No one can deny that the social media landscape is constantly evolving, and I don’t mean in the way that new platforms constantly pop up, but rather in what it does to the people who use it – as well as how those users change it.
I grew up with connected technology also growing up around me, and my mom used to complain how my brother and I didn’t “know” how to speak on the phone, because we preferred the computer screen as a communication device.
When the social aspect of technology started up, it was almost an oxymoron. As much as you were now “connected” to people normally out of your reach, it was to the detriment of your traditional relationships. The internet was a place where everyone was using the available anonymity to be whomever they wanted to be, and chat to whomever they wanted.
Fast forward a few years
That anonymity, despite being short-lived, gave the internet, its chat rooms and subsequently social media a reputation with the older generation that has not only hampered them in becoming connected, but also makes them worried about Millennials.
The reality these days though, is that the evolution of connected technology has sorted out its own bugs. Rather than users being a disembodied entity online, social media has simply provided another avenue for people to enrich their everyday relationships.
Social media is a constantly evolving entity – from its awkward pre-teen chat room stage, where the parents worried if it would ever grow up and be responsible, to what it is today as an adult, albeit a fresh-faced one, having grown up and learnt along the way how to take on the world in the right way.
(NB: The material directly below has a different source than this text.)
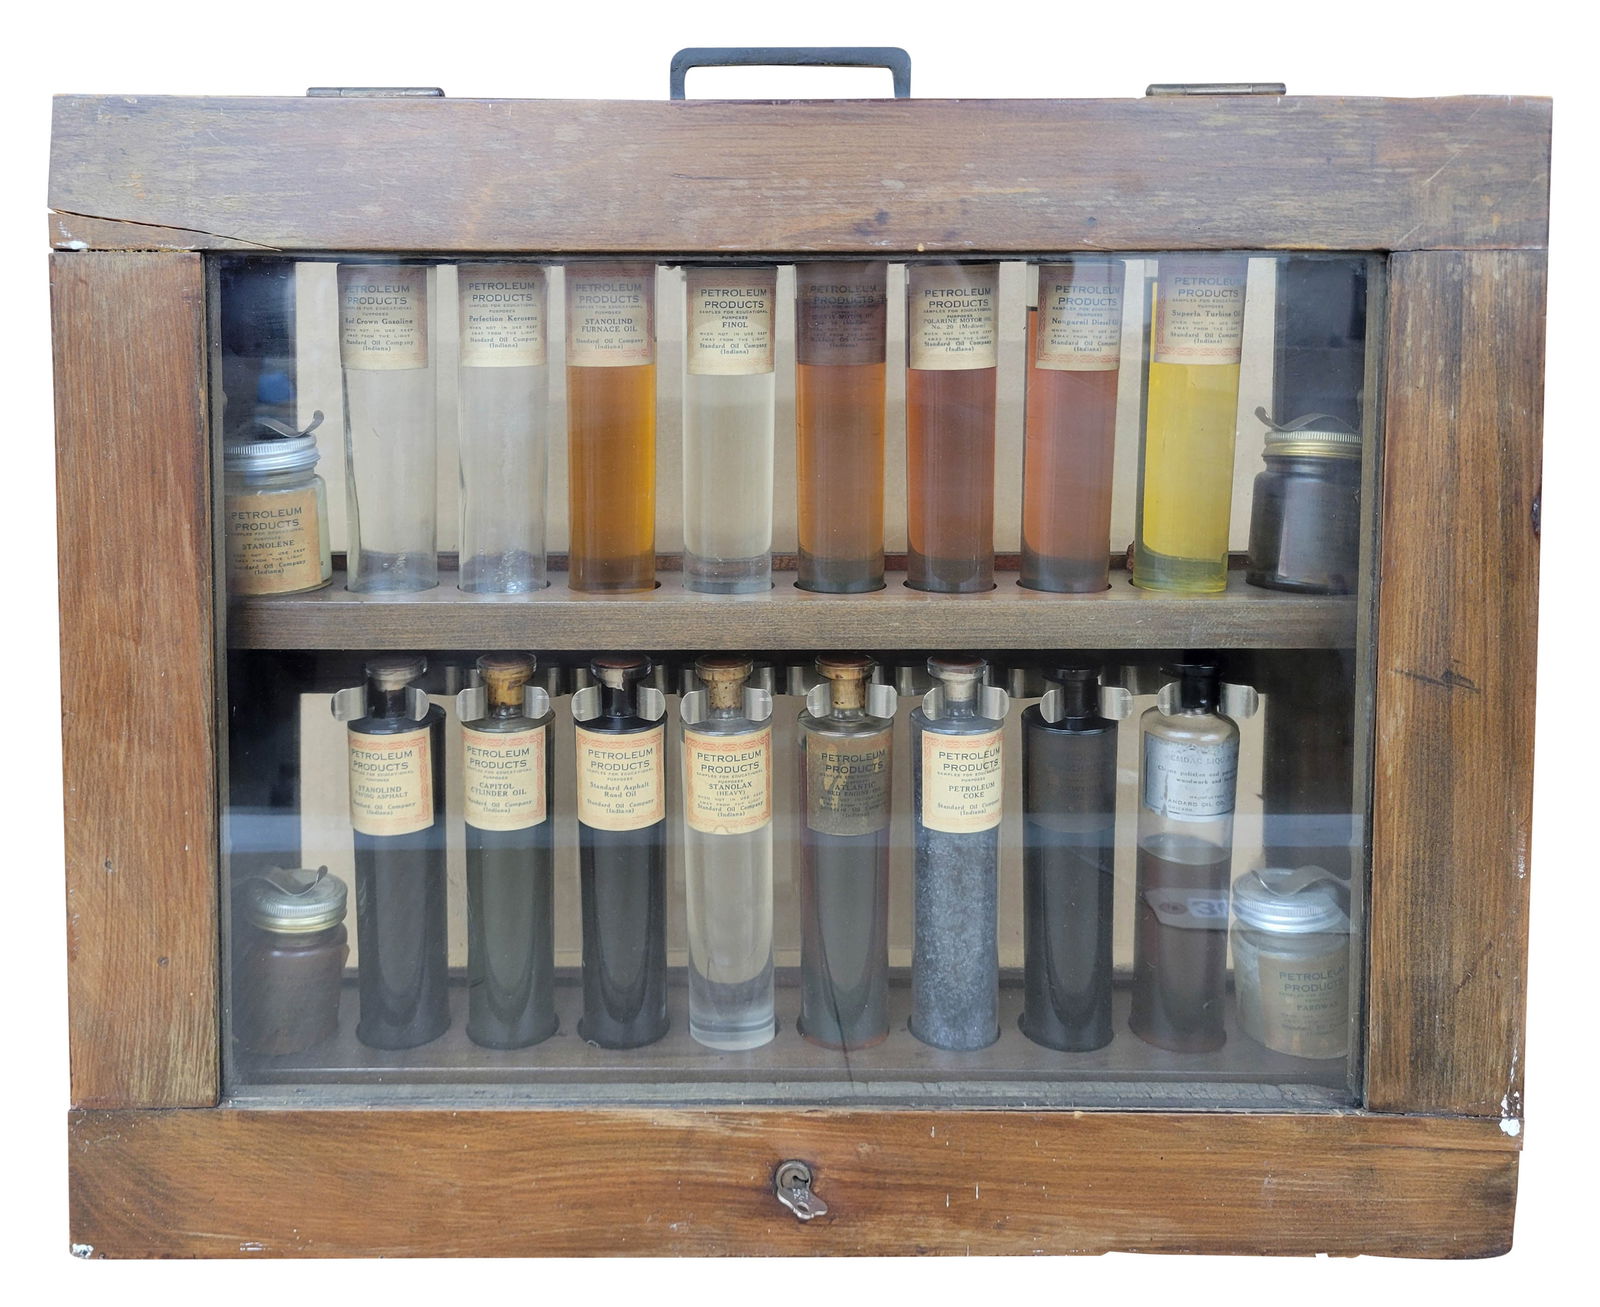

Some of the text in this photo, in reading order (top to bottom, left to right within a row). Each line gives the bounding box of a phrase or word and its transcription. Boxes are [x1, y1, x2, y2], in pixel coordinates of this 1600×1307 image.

But was this evolution in the technology’s DNA?
There’s always someone in every conversation about technology who will utter something along the lines of, “one day, all this technology is going to get smarter than us and turn on us”. I guess this kind of worry makes some sense, since we are chasing something of which no-one can predict the end evolution. This innately scares humans, as let’s face it, we love our routines, our traditions and our life paths. We like to know what every action will result in, and with technology getting more and more advanced every day, we can start to feel like it will outgrow us and our intelligence.
But the whole point of connectivity is that it’s not only the devices that are connected, but we’re part of the mix as well. We develop the technology, and we dictate what it’s used for, how it’s used and why it’s used. This very fact has made social media into what it is today. Technology might be evolving at a snowball rate, but you can’t take humans out of the mix, and at least in the case of social media, we have influenced it as much as it’s influenced us.
A partnership
We often feel like the social platforms we use are dictating to us, with every new update, layout change etc, but in reality, the user dictates just as much back.
Every action has an equal and opposite reaction – Newton’s Third Law.
We’ve nurtured the development of social media as much as it was already formed. Social media evolved out of a human need to communicate and be connected, so it doesn’t make sense to take us out of the mix of influences once after its birth. We are not simply bystanders of connected technology, and cannot ourselves be disconnected.